Our data show that NLP-based models are highly accurate at capturing data from consultation transcripts across a variety of key concepts for SDM. Furthermore, sentences with a higher NLP-based probability for content relevance consistently contained the highest quality information on each concept and therefore accurately reflected the quality score of risk communication across the entire consultation. For example, a sentence with a higher NLP-based probability is more likely to report the incidence and time course of a side effect rather than just its name. Consequently, the quality score of a consultation was effectively determined by the top ranked sentences identified by the NLP model across all concepts. We conducted a sensitivity analysis to identify the optimal number of NLP-identified sentences to analyze to maximize accuracy in grading quality of risk communication at the consultation level. While higher accuracy could be achieved by manually coding more sentences, the improvement was minimal after certain points.

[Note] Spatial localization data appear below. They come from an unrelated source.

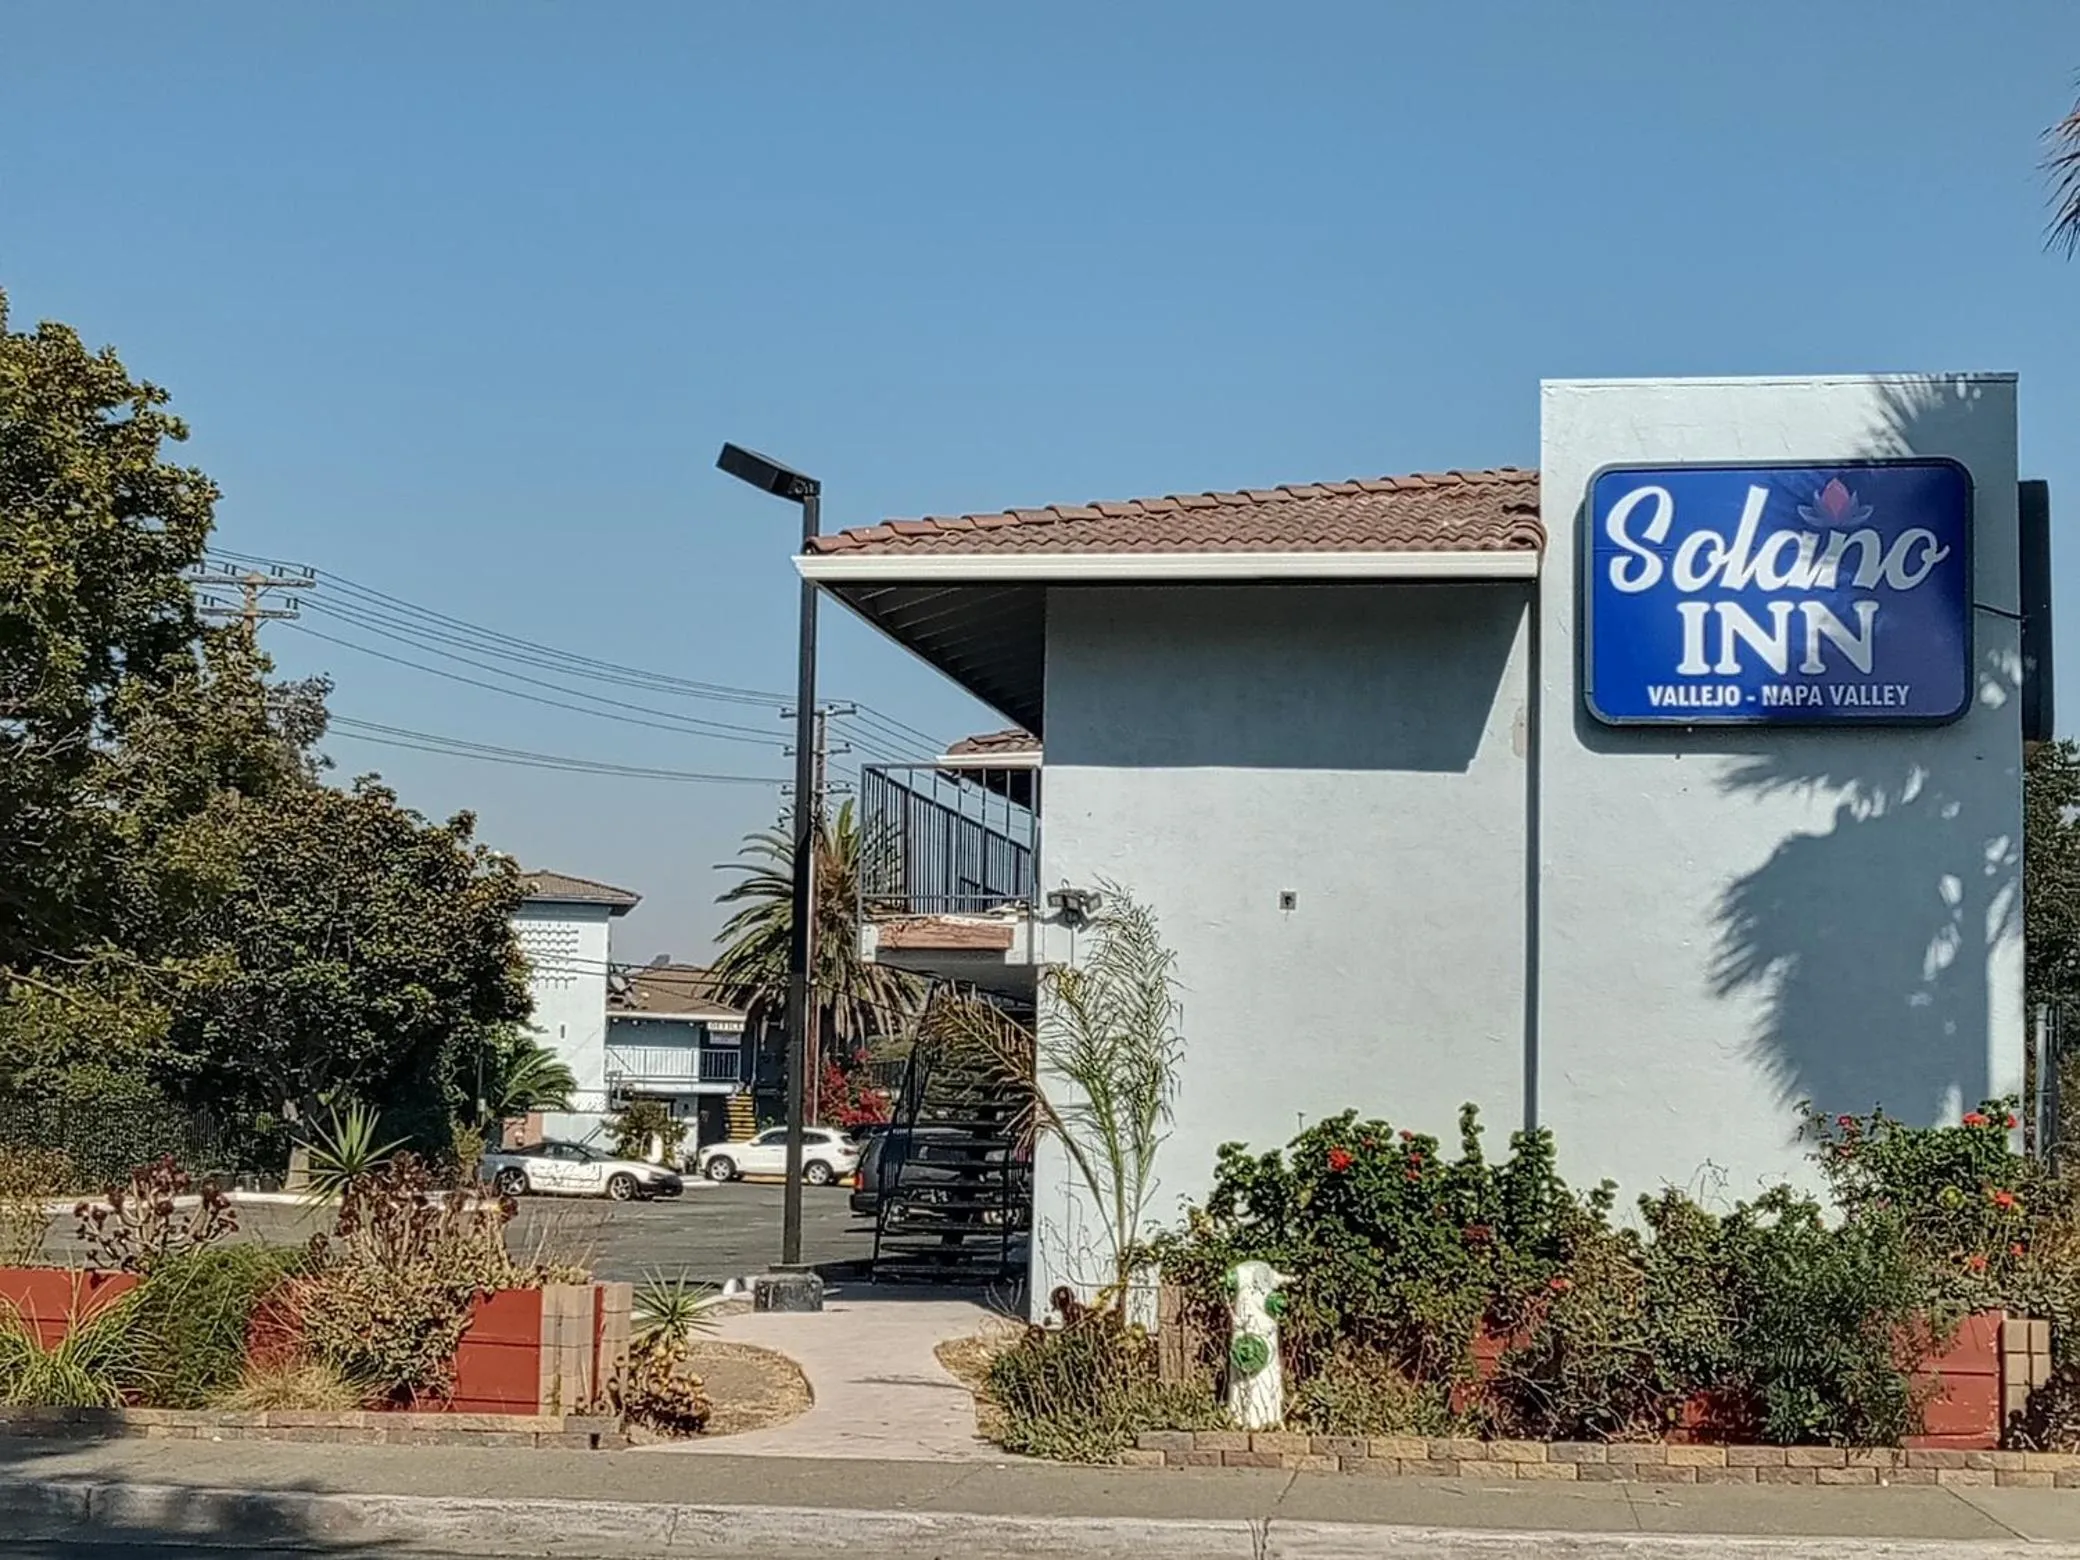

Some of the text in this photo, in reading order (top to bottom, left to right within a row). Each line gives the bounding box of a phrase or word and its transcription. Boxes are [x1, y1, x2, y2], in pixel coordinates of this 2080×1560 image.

[1605, 485, 1950, 592] Solano
[1676, 601, 1879, 675] INN
[1647, 685, 1741, 706] VALLEJO
[1762, 685, 1823, 706] NAPA
[1829, 685, 1910, 706] VALLEY

While we selected 10 sentences as the optimal cutoff to balance prediction accuracy and manual coding feasibility, this threshold might need adjustment when applied to different datasets or concepts.

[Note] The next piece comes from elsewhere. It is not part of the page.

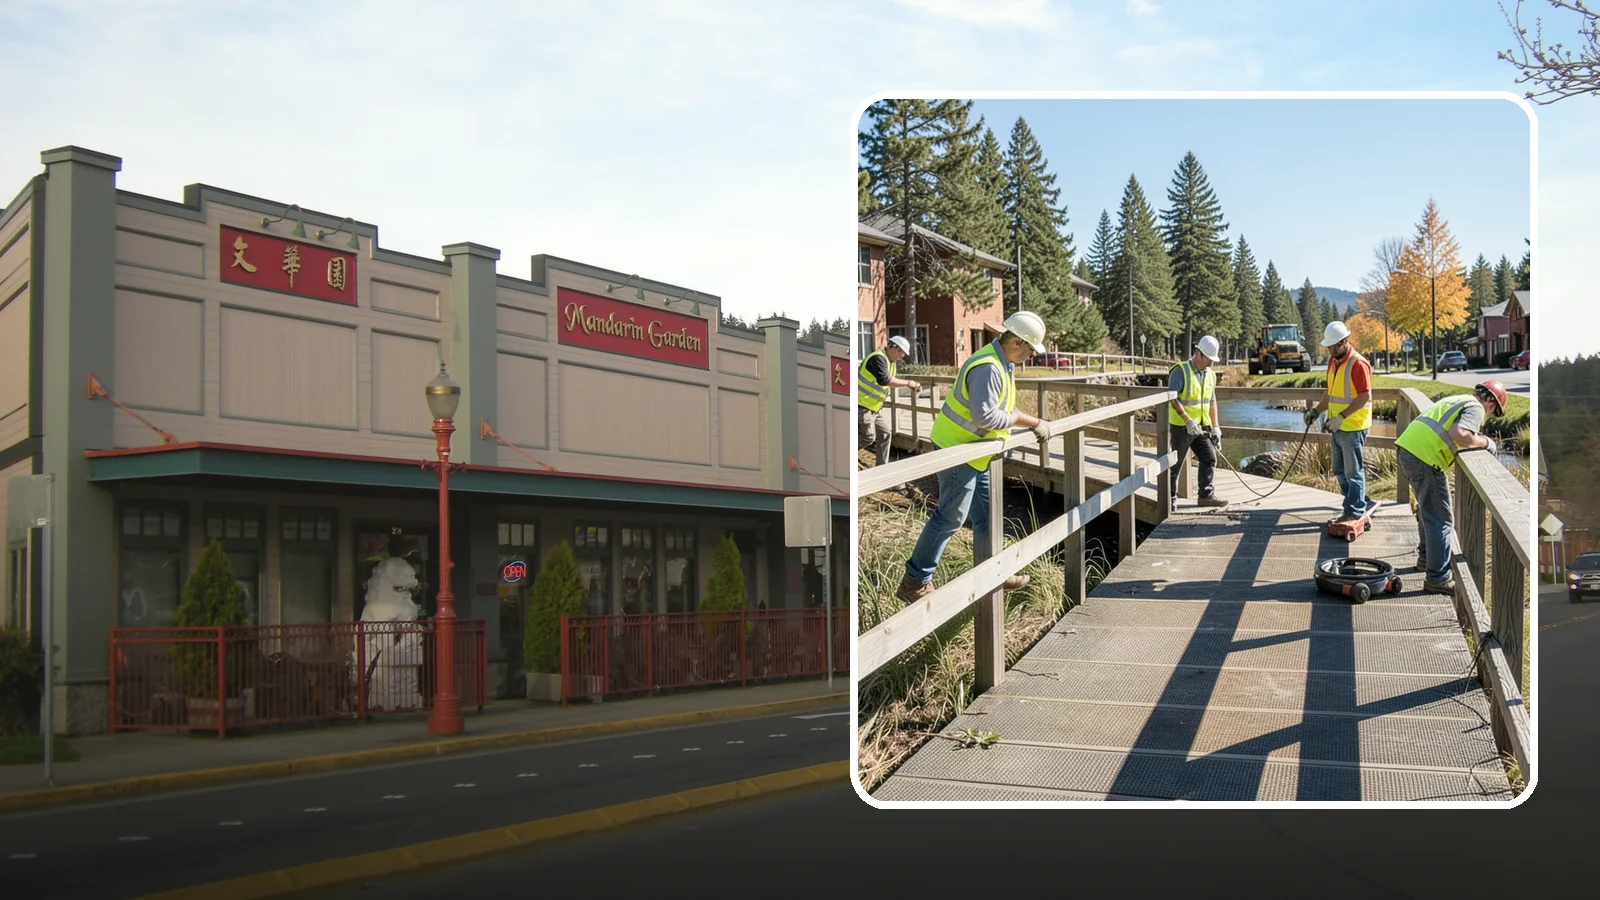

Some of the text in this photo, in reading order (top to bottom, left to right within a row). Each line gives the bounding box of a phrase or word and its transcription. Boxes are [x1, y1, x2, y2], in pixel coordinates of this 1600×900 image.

[231, 235, 346, 291] 文華園
[564, 302, 701, 352] Mandarin Garden
[503, 565, 527, 578] OPEN

Our study does have limitations to consider. First, the NLP-based quality evaluation process was not fully automated, as manual coding is still required to determine the quality of risk communication in the top 10 sentences. Nonetheless, this approach drastically reduces the time and effort compared to manual coding of entire consultations, which typically contain about 500 sentences and would take hours to accurately analyze. Second, our relatively small sample size limits our ability to capture less frequently mentioned side effects (e.g. post-radiotherapy secondary malignancy). Third, NLP models have not been trained to discern differences in risks of side effects for different treatment options (e.g., risk of ED after radical prostatectomy vs. after radiation therapy), though sentence context most often reveals the treatment being discussed. Fourth, while we attempted to recruit a maximum variation sample across multiple medical disciplines and providers, it is possible that our models will be specific to the language typically used by our providers. However, given the excellent face validity of the common word roots used in NLP models, we feel that this is unlikely. We plan to externally validate our models in a broader set of providers in the future. Finally, although automatic speech recognition (ASR) programs could facilitate audio transcription, we utilized a professional transcription service for our NLP models due to the suboptimal accuracy of ASR in clinical contexts [30]. As ASR programs improve, their application to real-time transcription of clinical encounters has potential to facilitate auditing of communication quality.

Conclusions

NLP models are capable of highly accurate, automated capture of high-yield information on key concepts and precise grading of quality score in risk communication in PC consultations. This technology provides the foundation for providing a summary of key information to patients to improve retention and understanding, which is crucial since PC decision making requires careful consideration of risks and benefits of treatment options. NLP technology also provides the foundation for reporting consultation quality back to physicians after the treatment consultation to improve risk communication, which is an area of need based on our previous work. While demonstrated here for PC, this technology has disruptive potential for improvement of physician communication across all diseases that require complex considerations of risks and rewards of therapy.